The charismatic majority denies this description of God’s work because they claim it describes a deistic impotent God absent from our lives. But is this true?

Does the presence of miracles mean that God is closer to us?
Does the absence of miracles mean that God is uninvolved, distant, and cold?

Not only do many Christians think so, but this also describes the natural man with no eyes for spiritual reality (1 Cor 2:14). They all require God intervene with visible miracles and personal revelations before they claim God’s presence (or existence).

If miracles and revelations determine God’s presence and work, then where is your miracle?

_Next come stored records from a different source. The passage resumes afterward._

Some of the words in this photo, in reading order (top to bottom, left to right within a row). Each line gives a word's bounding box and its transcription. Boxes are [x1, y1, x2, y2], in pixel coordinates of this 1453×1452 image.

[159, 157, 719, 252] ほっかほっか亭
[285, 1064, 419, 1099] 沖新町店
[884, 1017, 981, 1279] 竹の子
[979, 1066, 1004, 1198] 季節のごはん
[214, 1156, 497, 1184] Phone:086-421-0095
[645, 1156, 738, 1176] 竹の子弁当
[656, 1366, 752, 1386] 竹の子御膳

Where is God when they don’t come?

God’s Work Under Grace

Just because God is not parting waters for us, does not mean God fails to work in this dispensation of his grace.

Grace is defined as the work God did on our behalf.

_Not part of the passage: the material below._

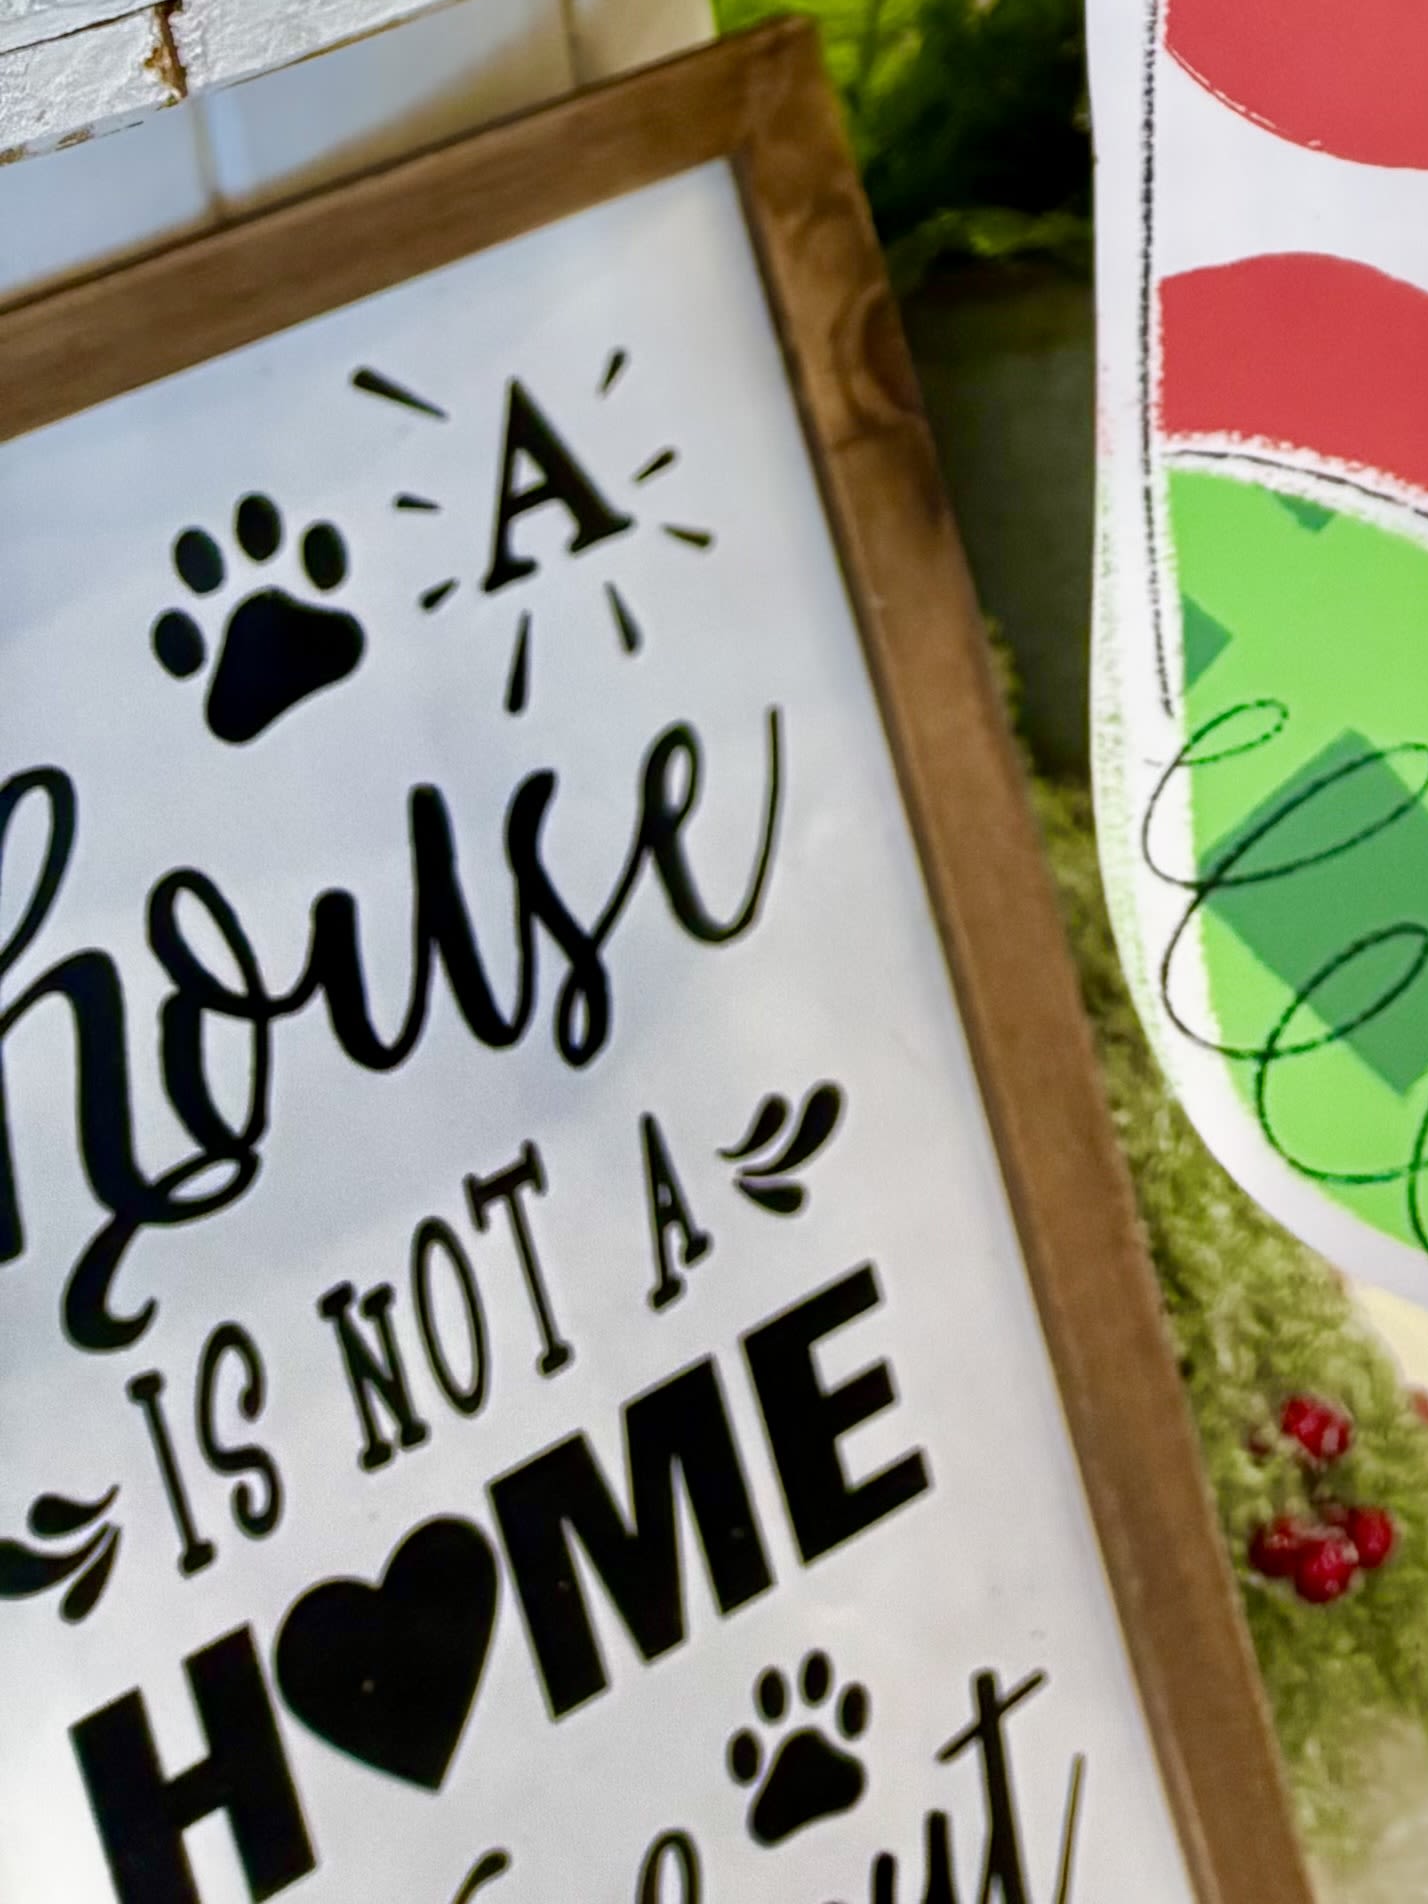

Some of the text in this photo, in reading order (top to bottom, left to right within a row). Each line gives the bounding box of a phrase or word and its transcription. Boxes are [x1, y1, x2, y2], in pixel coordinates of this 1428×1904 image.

Grace gives us access to God even in tribulation; it is not what separates us from him when the miracle does not come (Rom 5:2-4; 2 Cor 12:7-10).

Grace gives us a complete position in Christ; it does not leave us incomplete, always needing another miracle (Col 2:10).

Grace commends the love of God toward us; it does not leave us cold while waiting for another miracle (Rom 5:8; Gal 6:14).

Grace gives us all spiritual blessings far more valuable than all physical possessions in the world (Eph 1:3; 1 Tim 6:6; Rom 8:37).

How do we access these riches of God’s finished work?

Walk with God Under Grace

This dispensation of grace is characterized by the instruction to “walk by faith, not by sight” (2 Cor 5:7; Rom 5:2).

This principle keeps our attention on what the scriptures say about Christ and his death, burial, and resurrection as the object of our faith, instead of blind faith in the next unknown miracle (1 Cor 2:2).

Grace teaches us to walk in the Spirit, prioritizing the spiritual things (defined by scripture as things we can’t see with our eyes) rather than the physical things (defined by our senses as things we can see, taste, and touch – Col 2:21; Gal 5:16; Rom 8:5).
Miracles are God’s interventions with physical natural things.

Miracles and new revelations in this dispensation would diminish the work God has already done, make his grace less sufficient, and distract us from walking in the Spirit by faith (2 Cor 12:9).

Where is God Under Grace

Is God closer to us when he performs miracles? Is he farther away when heaven is silent?

God is never distant from those who have the Spirit and walk by faith.

Everyone in Christ today is the temple of God who received the Spirit when they first believed the gospel (Eph 1:13).

“Know ye not that ye are the temple of God, and that the Spirit of God dwelleth in you?” – 1 Cor 3:16

If the Spirit dwells in us, then he does not need to be sent again every week in a miraculous display like at the baptism of Christ in the Jordan.

Knowing that the Spirit dwells in you daily by grace through faith is superior to determining God’s presence by the presence of miracles.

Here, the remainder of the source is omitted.